AUDIO: ASCOLTA LE MUSICHE PRECOLOMBIANE
FOTO: GLI STRUMENTI RICOSTRUITI DA VELAZQUEZ
Creta, piume di tacchino, canne da zucchero, pelle di rana. I materiali naturali venivano modellati, tirati e cuciti per dar vita a un un "whistle of death", strumento musicale scoperto per la prima volta, accanto a uno scheletro, dall'esperto di archeologia di musica preispanica Arnd Adje Both. Finora questi oggetti, usati da Maya e Aztechi, erano stati relegati al ruolo di gingilli ornamentali, declassati nei musei tra tra i pettini da donna e gli attrezzi da caccia. Una fine che all'ingegnere meccanico Roberto Velazquez non è mai andata giù, "e non parlo solo dei musei messicani ma di quelli di tutto il mondo", spiega.
Da qui la decisione di ricostruirne l'aspetto e la storia. Ma sopratutto di andare a scavare nel mondo di quella musica oscura che, secondo alcuni, veniva utilizzata per definire strategie di guerra, secondo altri per terrorizzare il nemico durante la stagione della caccia. Secondo Velazquez, i fischi di morte erano la porta "tascabile" per dialogare con dio, per annunciargli l'arrivo del sacrificio e confermargli che il raccolto, quell'anno, era andato bene. Un suono terrificante, sinistro e pieno di energia, tanta quanta ne serve per accompagnare il defunto nel cammino verso l'aldilà.
Velazquez, per ricostruire gli strumenti, ha percorso il Messico in lungo e in largo, maneggiando oggetti datati 400 a. C. e rileggendo tutta la documentazione scritta sull'argomento. Un lavoro da maestro, che però non sarebbe servito a niente senza lo sforzo ultimo e più affascinante, quello della riproduzione del suono. Cercare il punto di equilibrio che trasforma un rumore in musica non è stato facile, anche perché questi oggetti non sembrano fatti per celebrare momenti di festa, o almeno non nel senso moderno inteso da noi.

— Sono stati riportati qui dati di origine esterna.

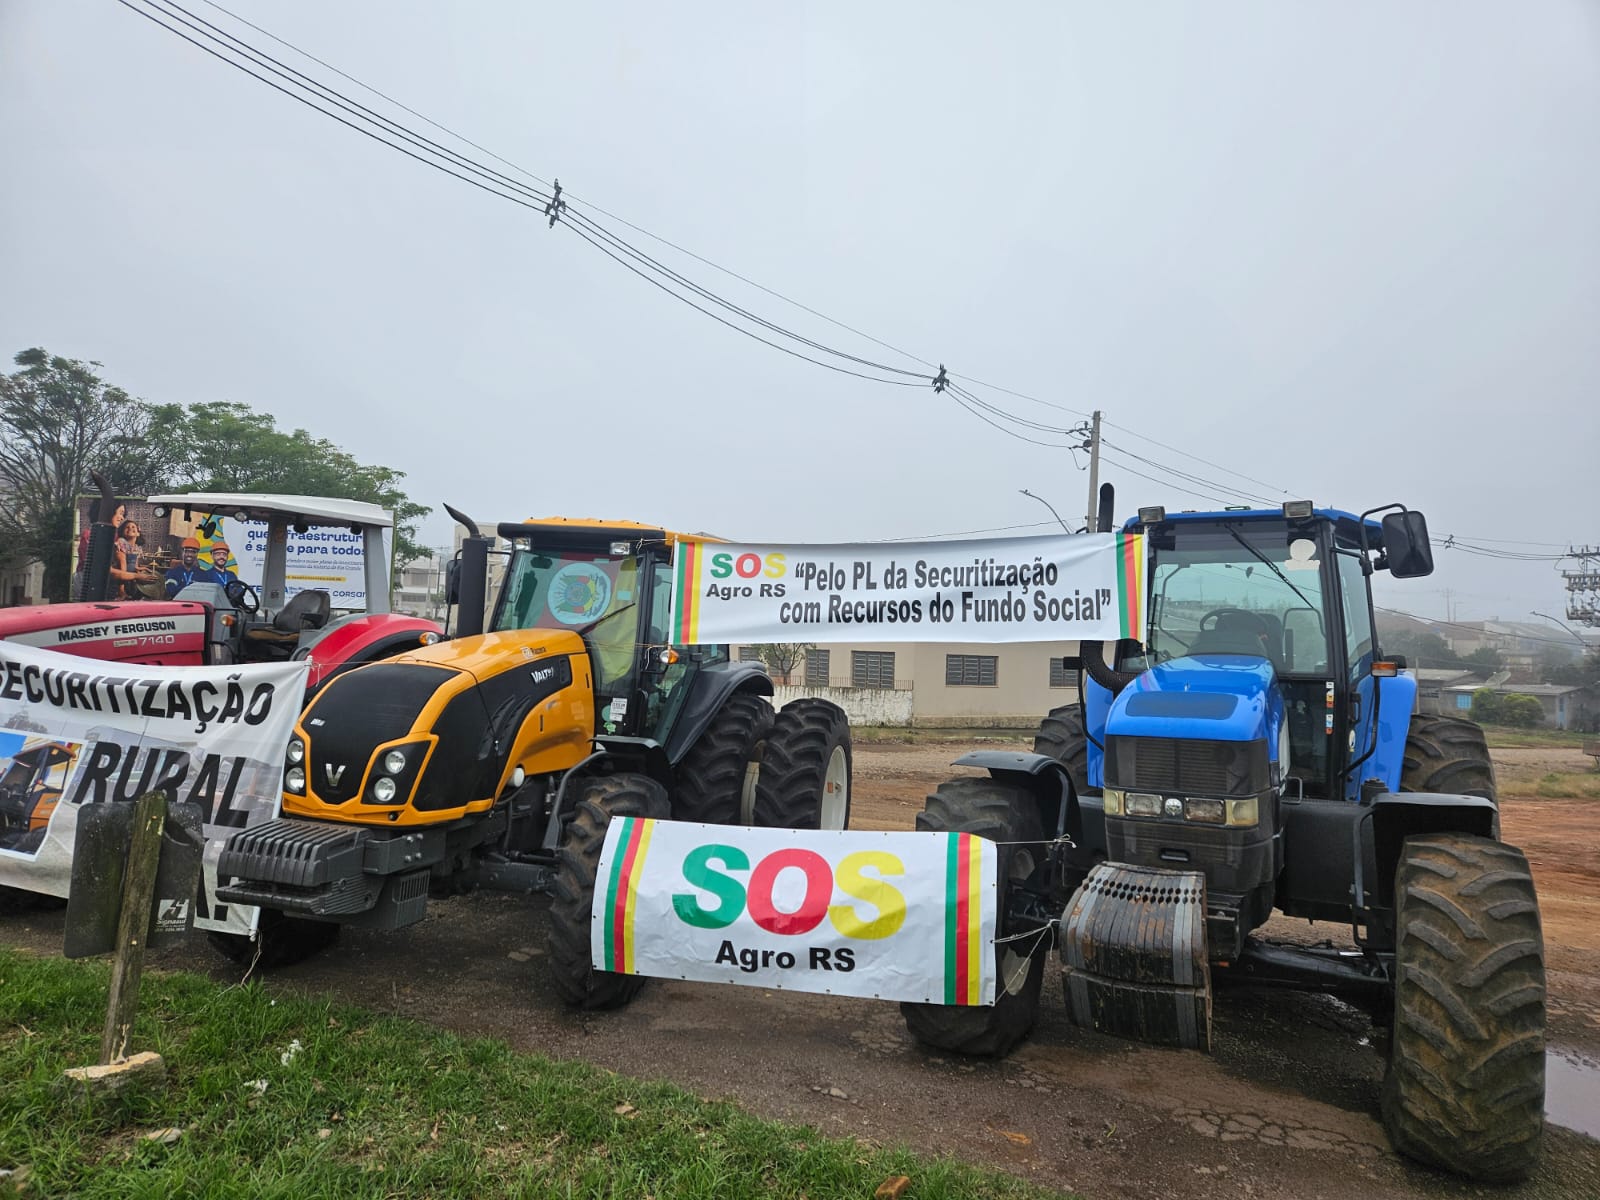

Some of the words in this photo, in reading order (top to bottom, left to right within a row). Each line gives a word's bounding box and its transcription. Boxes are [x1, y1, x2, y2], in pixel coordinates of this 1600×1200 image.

Roberto Velazquez ha tenuto per anni fra le labbra un'ancia di pelle di rana, prima di scoprirne il segreto. A tutt'oggi nessuno può sapere se il risultato sia davvero quello riprodotto dagli antichi. Quel che è certo è che, soffiando, stringendo e tappando questi strumenti alla ricerca della loro anima, Velazquez è riuscito a estrarre da loro un suono che a tratti sembra una melodia di festa e a tratti un canto di morte. La loro forma, che spesso richiama sagome animali o maschere divine, lascia spazio all'interpretazione.
Il lavoro del ricercatore è stato affiancato da un'equipe di studio tutta messicana composta da archeologi, storici e musicisti, e da esperti come il direttore del dipartimento di archeologia della Del Valle University del Guatemala, Tomas Barrientos. "Fino a dieci anni fa - racconta il professore - non si sapeva nulla di questi oggetti. Oggi questo è un settore che interessa moltissimo: merito della rivalutazione delle collezioni museali e della passione di qualche collezionista privato".
Secondo l'archeologo Paul Healy, che nei primi anni Ottanta scoprì preziosi strumenti musicali di origine Maya nel Belize, molti di questi sono ancora in grado di funzionare e, anzi, riportarli in vita è più che possibile. "Trovarne alcuni rotti è stata una fortuna - spiega - perché ci ha permesso di capire come sono stati fabbricati e quindi anche con quale logica".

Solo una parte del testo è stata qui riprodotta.